> [What the exercise asks]
Using the records below, reproduce exactly the lines from the one containing "Some of the text" through the end, and nothing more; skip the images.

BEGIN Stored data

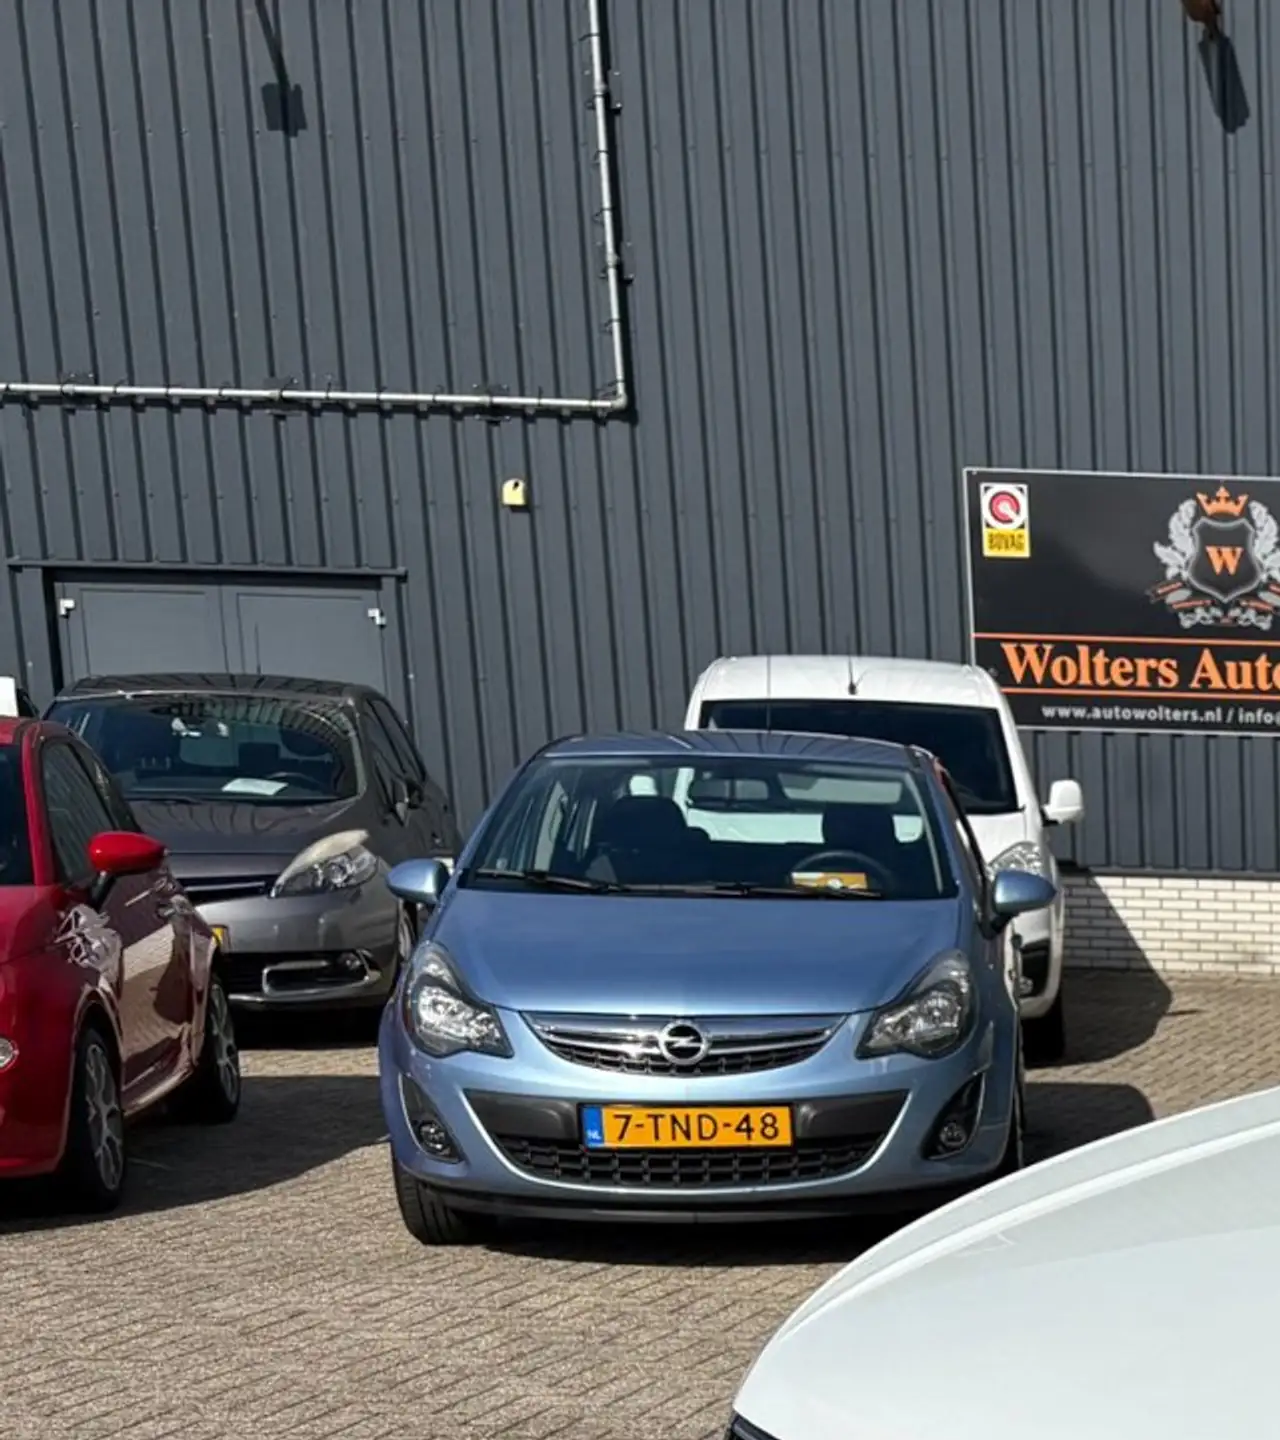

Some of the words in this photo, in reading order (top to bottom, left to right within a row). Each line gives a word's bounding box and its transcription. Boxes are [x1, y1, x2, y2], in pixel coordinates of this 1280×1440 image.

[1205, 545, 1244, 576] W
[1000, 641, 1179, 688] Wolters
[1041, 704, 1222, 723] www.autowolters.nl
[613, 1111, 779, 1142] 7-TND-48
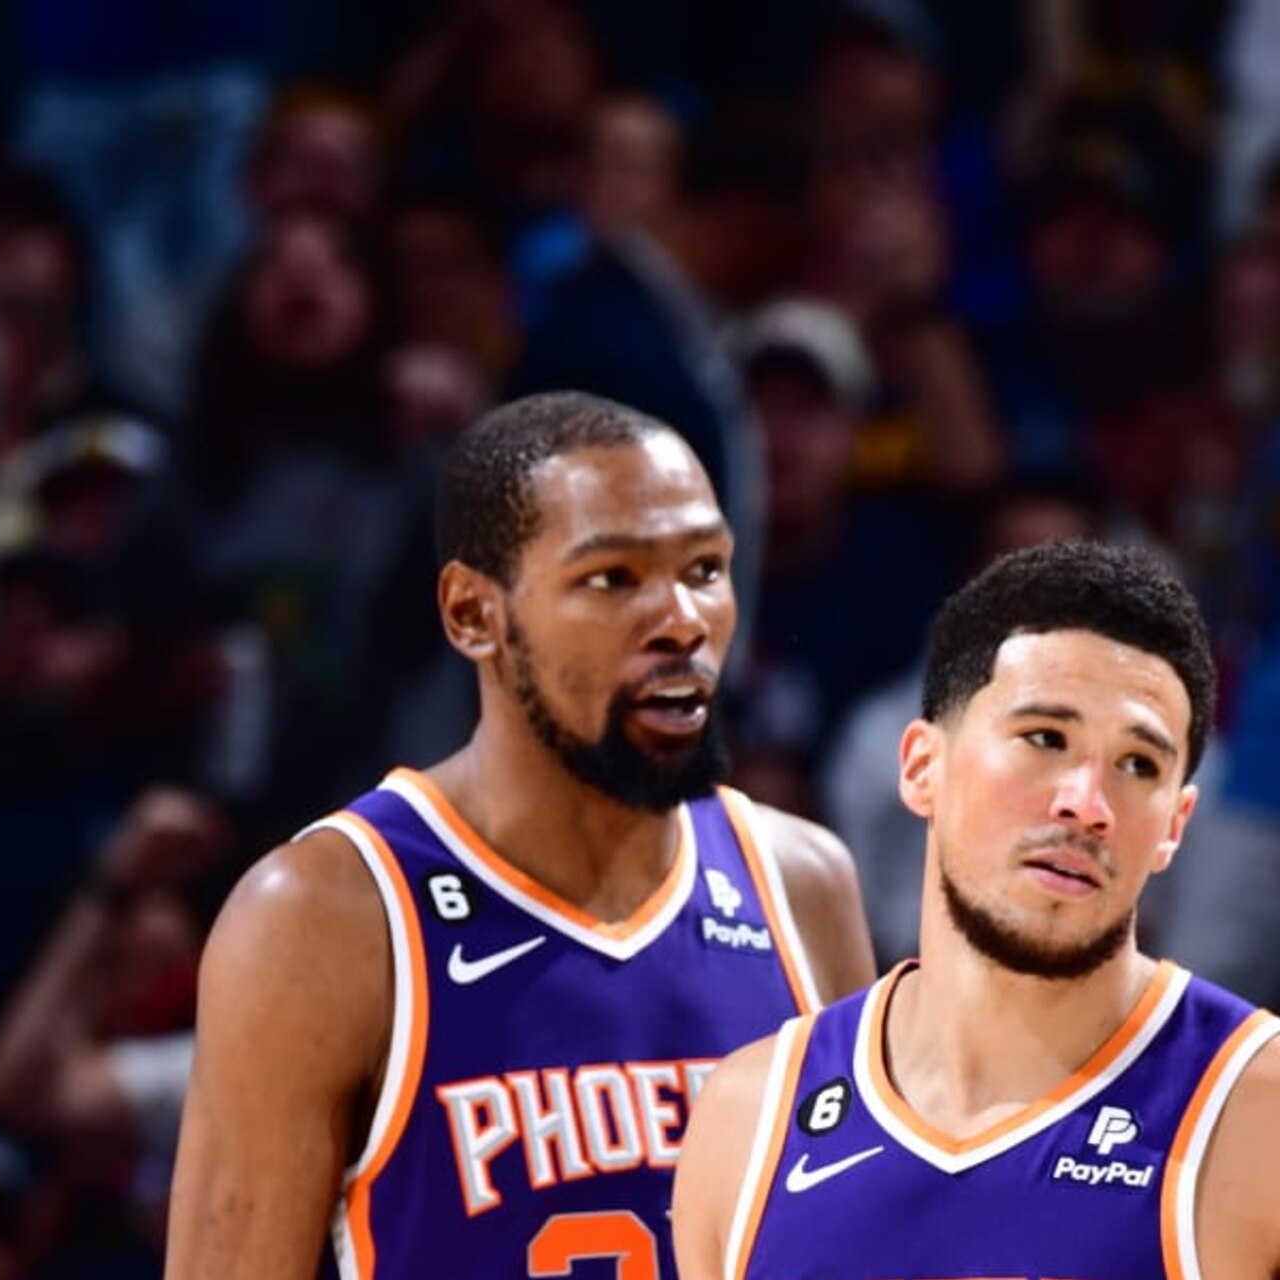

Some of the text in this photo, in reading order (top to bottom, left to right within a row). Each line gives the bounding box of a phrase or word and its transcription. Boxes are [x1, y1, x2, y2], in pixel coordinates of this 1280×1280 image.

[428, 874, 470, 920] 6
[702, 916, 772, 950] PayPal
[808, 1084, 845, 1131] 6
[436, 1057, 719, 1219] PHOE
[1053, 1156, 1154, 1187] PayPal
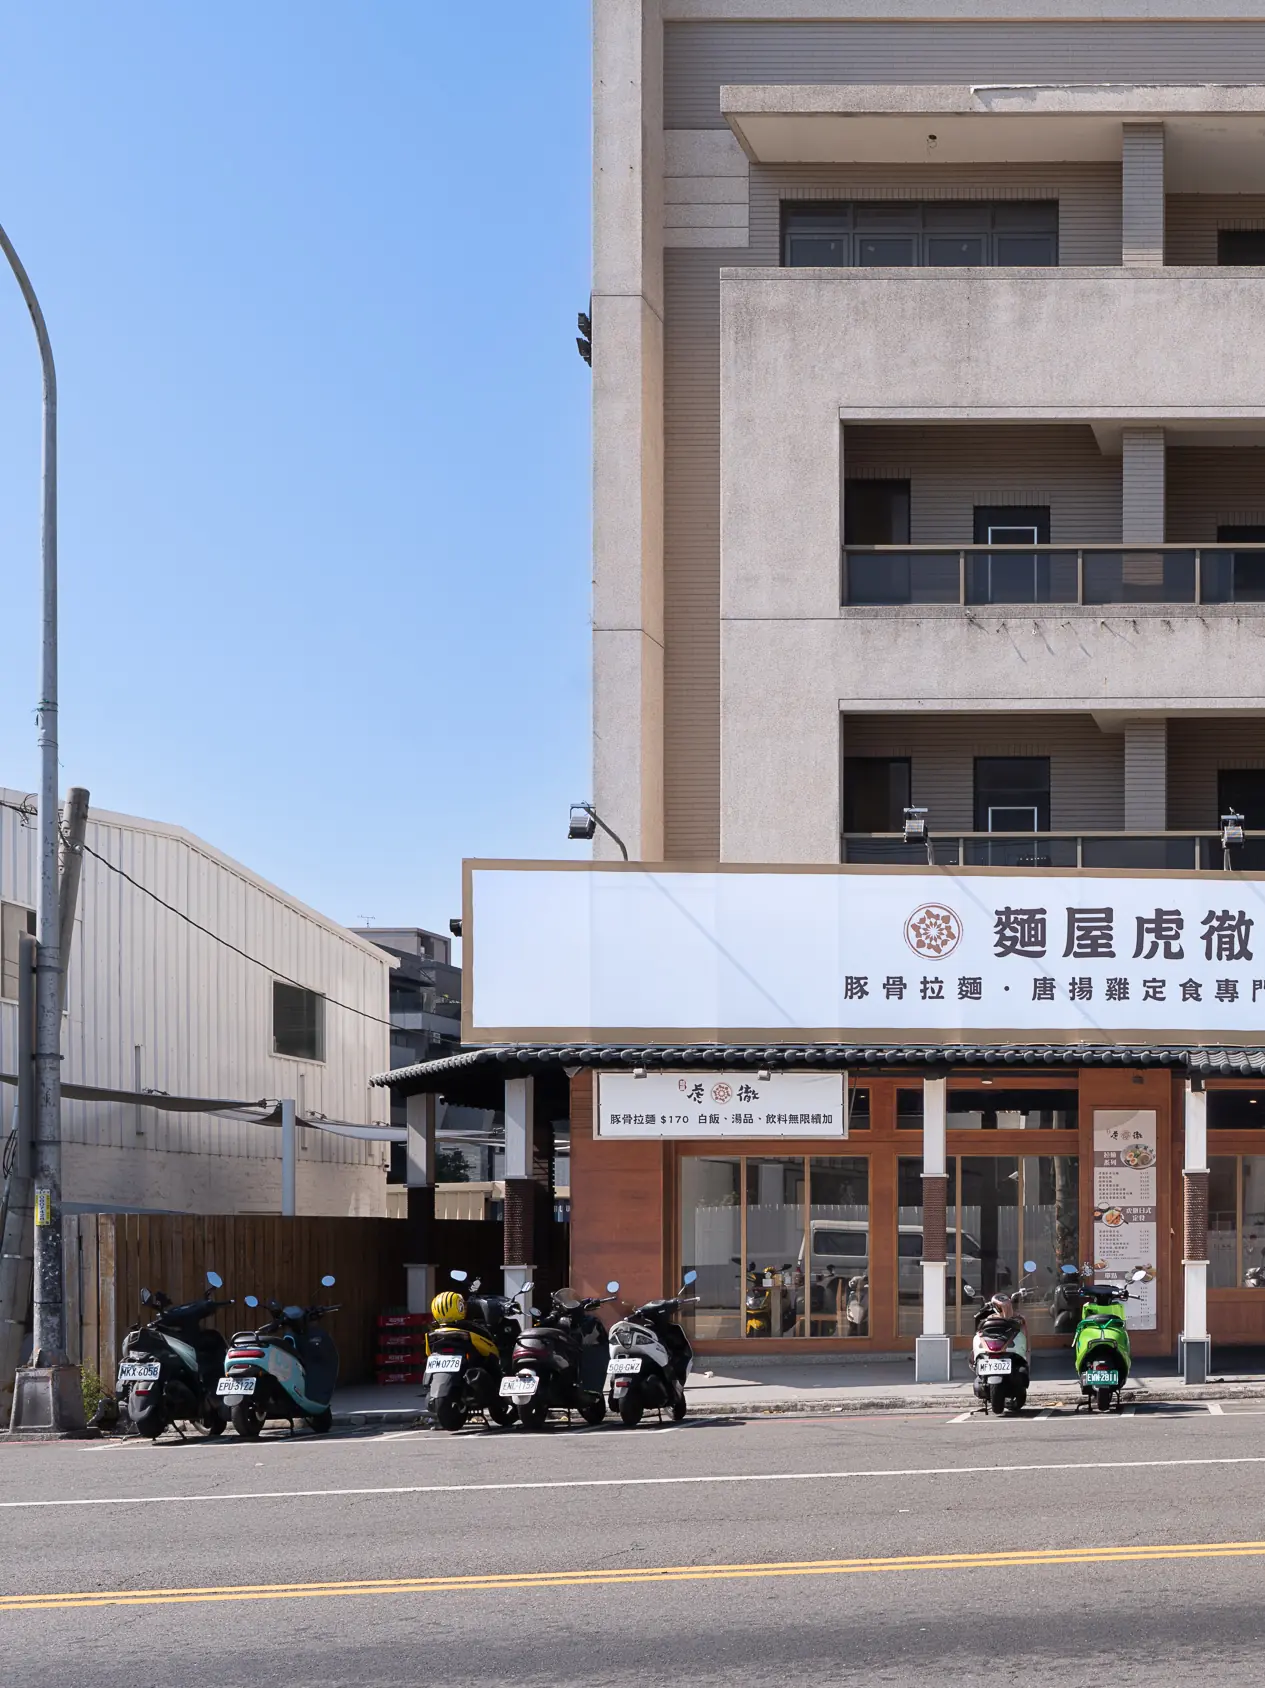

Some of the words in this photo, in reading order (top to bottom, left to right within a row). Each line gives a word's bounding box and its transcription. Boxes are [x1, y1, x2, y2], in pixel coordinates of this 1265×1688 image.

[993, 906, 1255, 961] 麵屋虎徹
[610, 1113, 656, 1125] 豚骨拉麵
[660, 1114, 689, 1125] $170

END Stored data

> [Worked solution]
Some of the text in this photo, in reading order (top to bottom, left to right within a row). Each line gives the bounding box of a phrase or word and its transcription. Boxes are [x1, y1, x2, y2], in pixel coordinates of this 1280×1280 image.

[428, 874, 470, 920] 6
[702, 916, 772, 950] PayPal
[808, 1084, 845, 1131] 6
[436, 1057, 719, 1219] PHOE
[1053, 1156, 1154, 1187] PayPal

Some of the words in this photo, in reading order (top to bottom, left to right within a row). Each line gives a word's bounding box and its transcription. Boxes are [x1, y1, x2, y2], in pixel coordinates of this 1265×1688 image.

[993, 906, 1255, 961] 麵屋虎徹
[610, 1113, 656, 1125] 豚骨拉麵
[660, 1114, 689, 1125] $170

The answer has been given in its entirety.